Какой смысл было рассказывать, что Ржевский зависает у любовницы? К тому, что произошло с ней, теперь уже его бывшей невестой, это не имело никакого отношения. Наезд произошел только по ее вине. Нет, косвенно, конечно, Ржевский повлиял на это, но какая разница, если она все уже для себя решила?
— Надя, ты вообще в курсе того, что случилось? — повысил голос дядя Том, отвлекая ее от рвущего на части внутреннего монолога.
— Ох, Томас Георгиевич, я все понимаю, только не добивайте меня, пожалуйста! — дрожащим голосом произнесла Надя. Затем без паузы обратилась к Кораблеву: — Денис, спасибо, что не пришли арестовывать меня домой. Я бы не пережила такого позора. У нас соседи приличные, и вообще…
— Мне кажется, Надежда Николаевна еще не в курсе, — крякнул Кораблев и выдвинул стул, приглашая ее присесть.
Надя села, примостив сумку на коленях.
— Надежда Николаевна, я вас по-быстрому введу в курс дела, а вы внимательно меня послушайте, хорошо? — как маленькому ребенку, объяснил капитан.
Надя вытянулась в струнку и кивнула.
— Сегодня утром недалеко от Кукушкино местный житель выгуливал собаку и наткнулся на женский труп.
— Женский труп… — побелевшими губами повторила Надя и скрючилась, раздавленная ужасным известием.
— Да. Женщина была задушена в собственной машине на берегу реки, — у Кораблева был такой голос, будто он хотел добавить: «Представляете? Охренеть, ну и дела…».
В животе у Нади громко заурчало от некстати проснувшегося голода и охватившей ее паники. Мозговое вещество со скрипом пыталось переварить информацию, так что обстоятельства дела до нее дошли не сразу.
— Это не я! — воскликнула Чарушина и в подтверждение своих слов часто закрутила головой. — Я только сбила! Но не душила, богом клянусь!

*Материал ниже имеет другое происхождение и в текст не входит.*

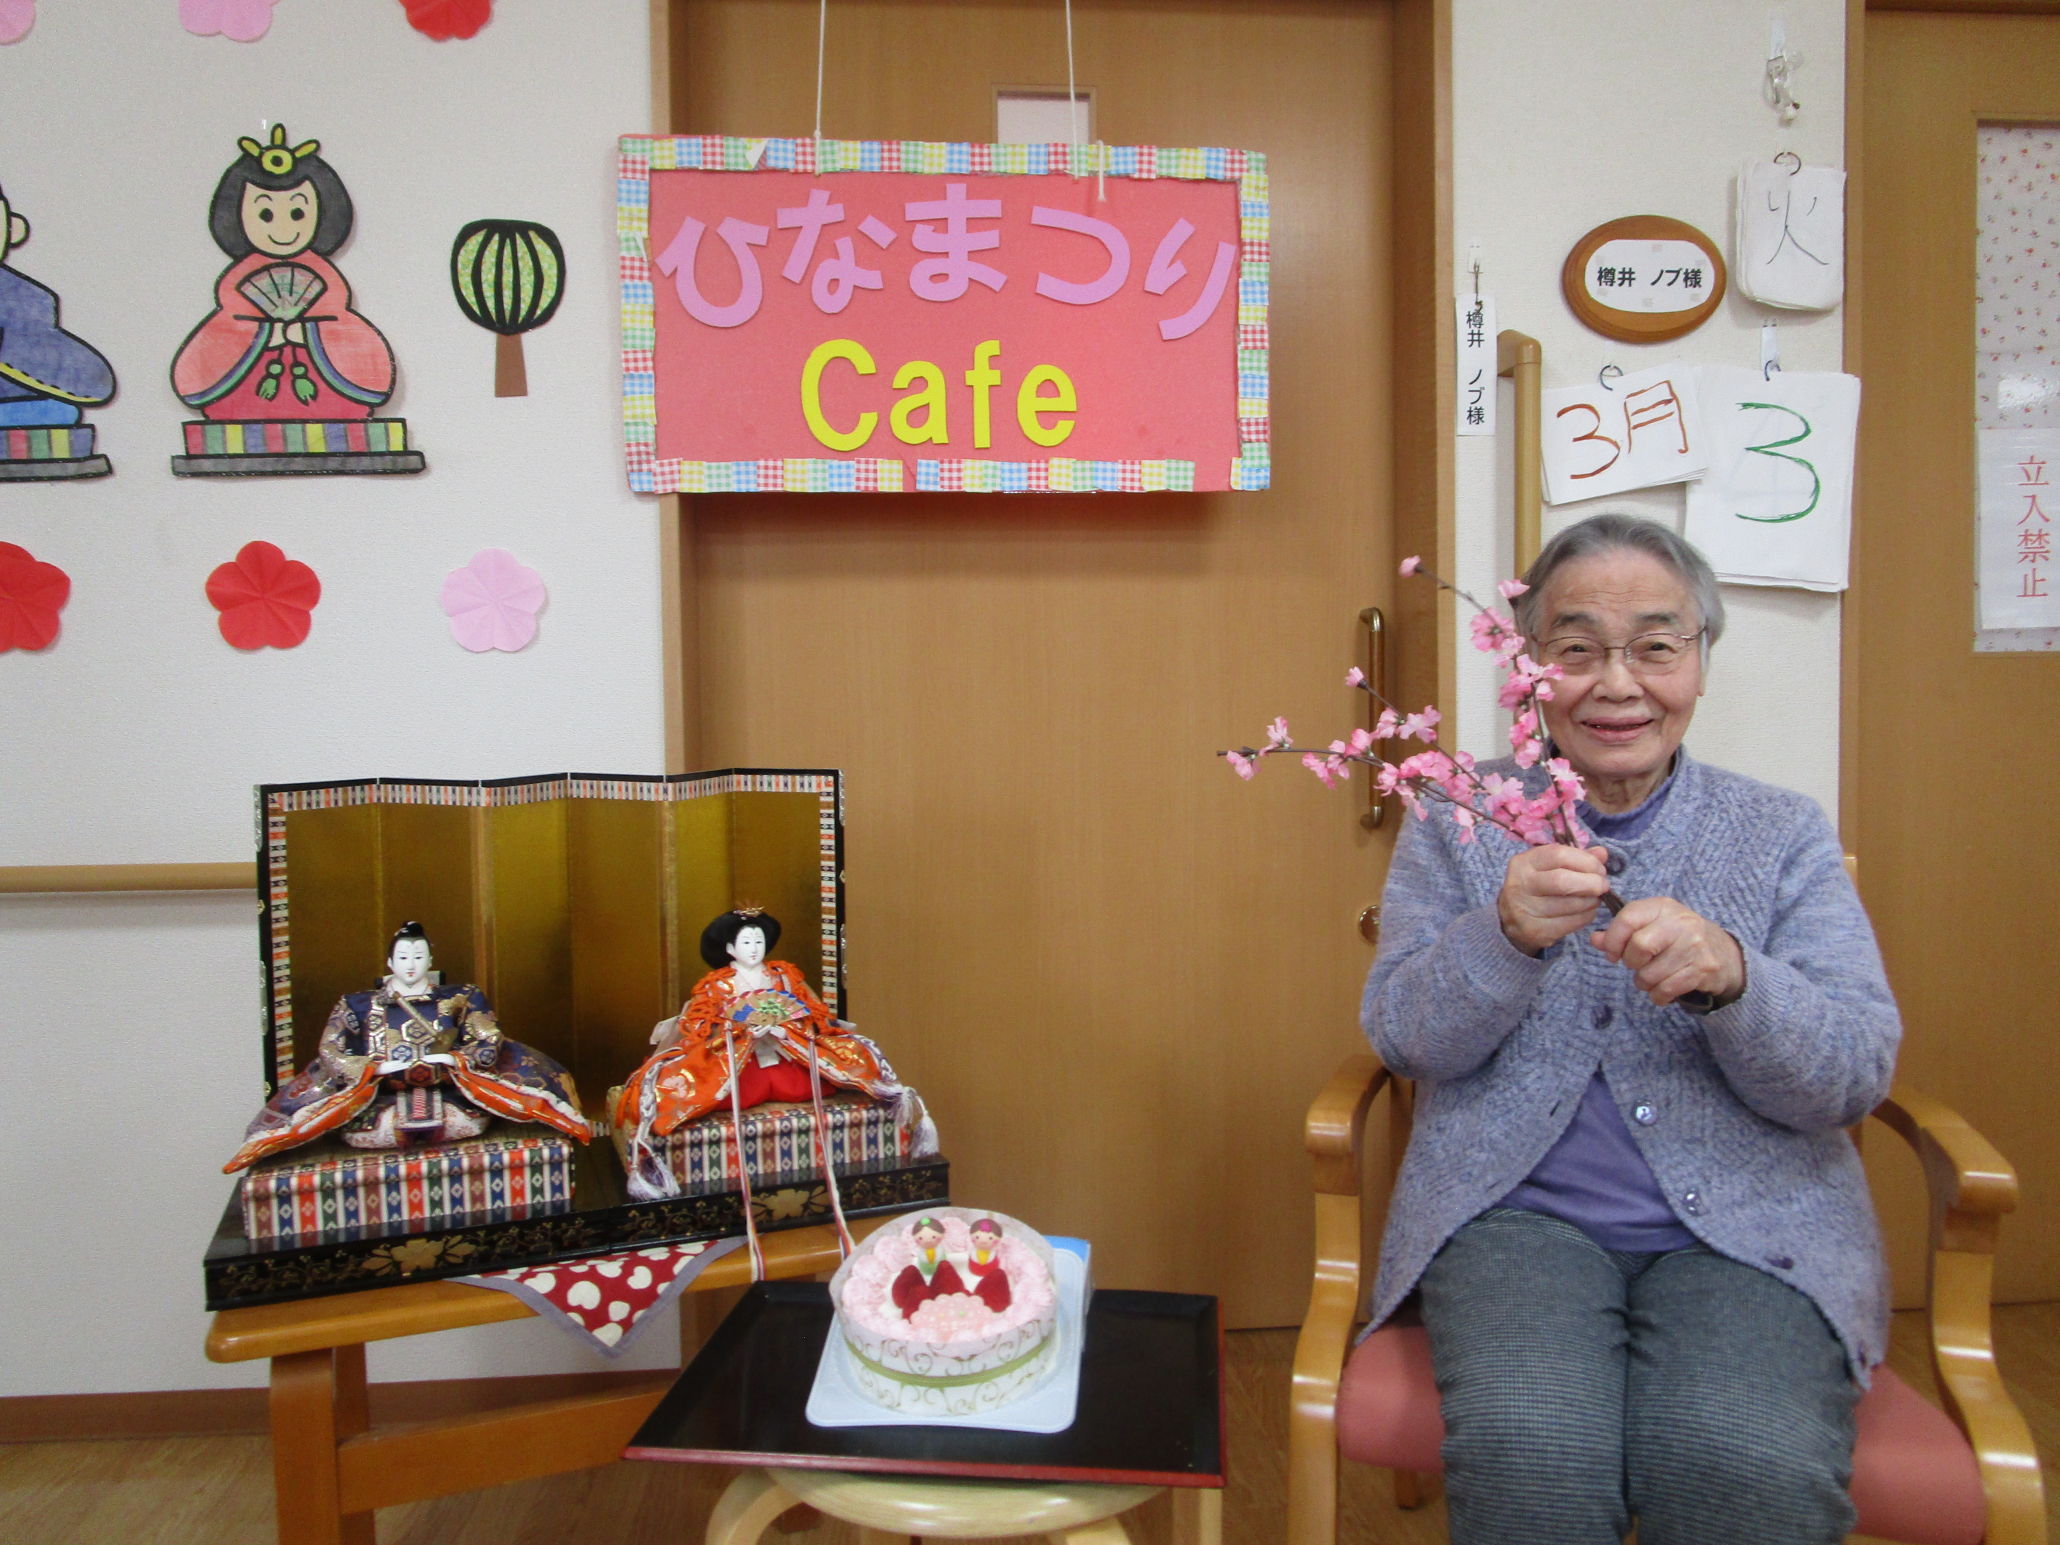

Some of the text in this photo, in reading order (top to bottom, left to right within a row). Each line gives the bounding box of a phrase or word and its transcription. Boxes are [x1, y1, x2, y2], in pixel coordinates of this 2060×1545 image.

[656, 183, 1236, 341] ひなまつり
[1597, 266, 1703, 289] 樽井 ノブ様
[1766, 190, 1830, 266] 火
[800, 338, 1078, 451] Cafe
[1466, 368, 1486, 426] ノブ様
[1556, 380, 1689, 480] 3月
[1735, 401, 1822, 524] 3
[2016, 454, 2051, 598] 立入禁止

— Наденька, никто и не говорит, что это ты, — вздохнул Рур и налил в стакан воды из резного хрустального графина. — Ты успокойся, пожалуйста, и соберись. И еще подумай, где может находиться Павел.

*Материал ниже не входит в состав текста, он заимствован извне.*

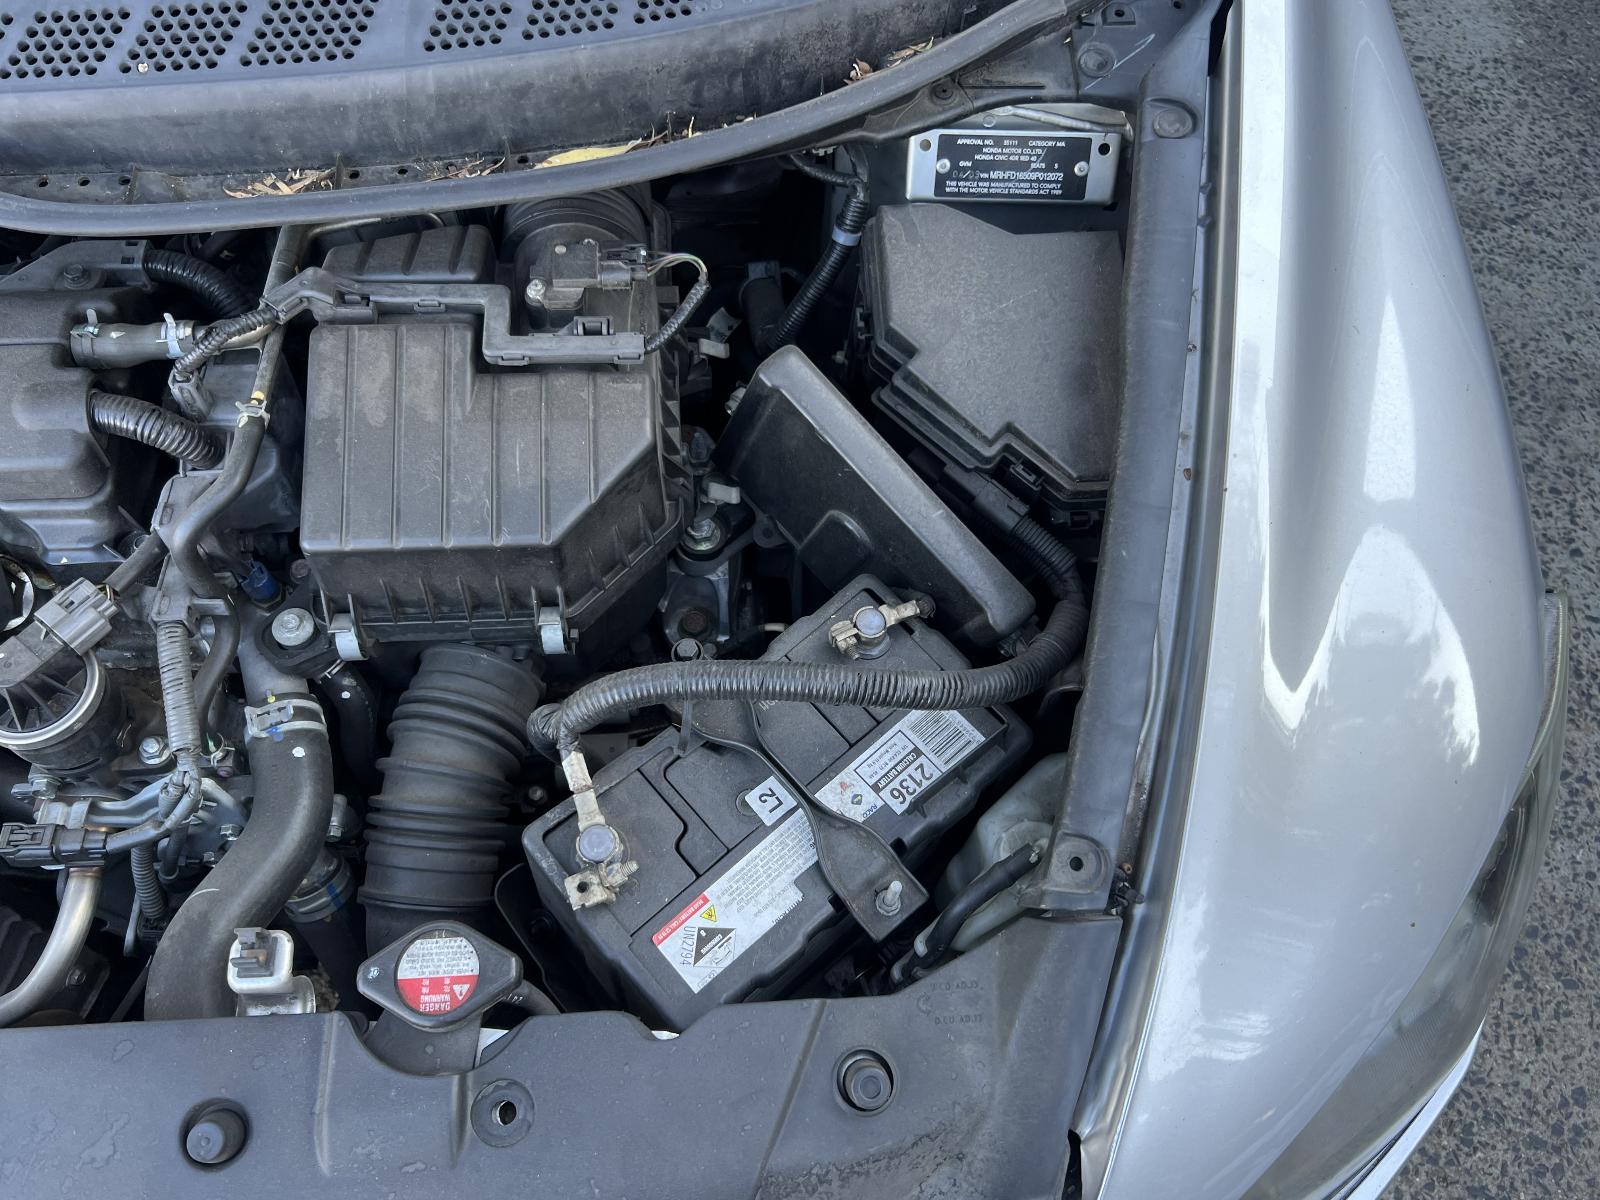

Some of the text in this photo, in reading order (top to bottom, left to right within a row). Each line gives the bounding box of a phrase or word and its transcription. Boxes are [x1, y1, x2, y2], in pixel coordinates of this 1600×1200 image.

[896, 752, 917, 774] CALCIUM
[877, 769, 898, 789] BATTERY
[890, 762, 934, 804] 2136
[758, 787, 784, 814] L2
[680, 926, 697, 965] UN2794
[420, 1002, 450, 1012] DANGER

— Не я?! Правда?! Господи, слава богу! — выдохнула Надя. — А насчет Павла… — она сглотнула, с жадностью глядя на стакан с водой. — Я ничего не знаю! Вы даже не представляете, что я пережила за эти часы… Уф!
Свобода, как главный символ человеческой жизни, открыла сейчас перед ней такие горизонты, к которым хотелось идти строевым маршем с флагами наперевес. Чарушина закрыла лицо руками и подумала, что расставание с Ржевским она как-нибудь переживет. Конечно, не сможет забыть и вообще, пожалуй, будет любить вечно… Даже, наверное, создаст в своей девичьей комнате в доме родителей уголок памяти потерянной и попранной любви — повесит большой постер с лицом изменщика и в самые тяжелые минуты будет жечь свечи и рыдать под Селин Дион. Но все же эта перспектива была куда лучше, чем камера и кусочек неба сквозь железную решетку!
Наденька стащила темные очки и посмотрела на мужчин ясными и честными глазами.
Капитан Кораблев, замерев на мгновение в лучах ее страдальческого, но в целом жизнеутверждающего взгляда, немного смутился и схватился за карандаш. Только сейчас Надя заметила лежавшую перед ним карту.
— Вот здесь ее нашли, — он указал на нужную точку.
— Я прекрасно знаю территорию вокруг Кукушкино, — пожала она плечами. — Все детство там провела. Дом у нас старый, но хороший. — Надя улыбнулась, с грустью вспомнив времена, когда родители собирали шумные компании на даче. Играла музыка, взрослые пили вино и громко спорили, сидя на веранде, а Надя, свернувшись калачиком в гамаке, читала Куприна и с тихим ужасом и восторгом примеряла на себя судьбы падших героинь из «Ямы». — Вы же помните, Томас Георгиевич?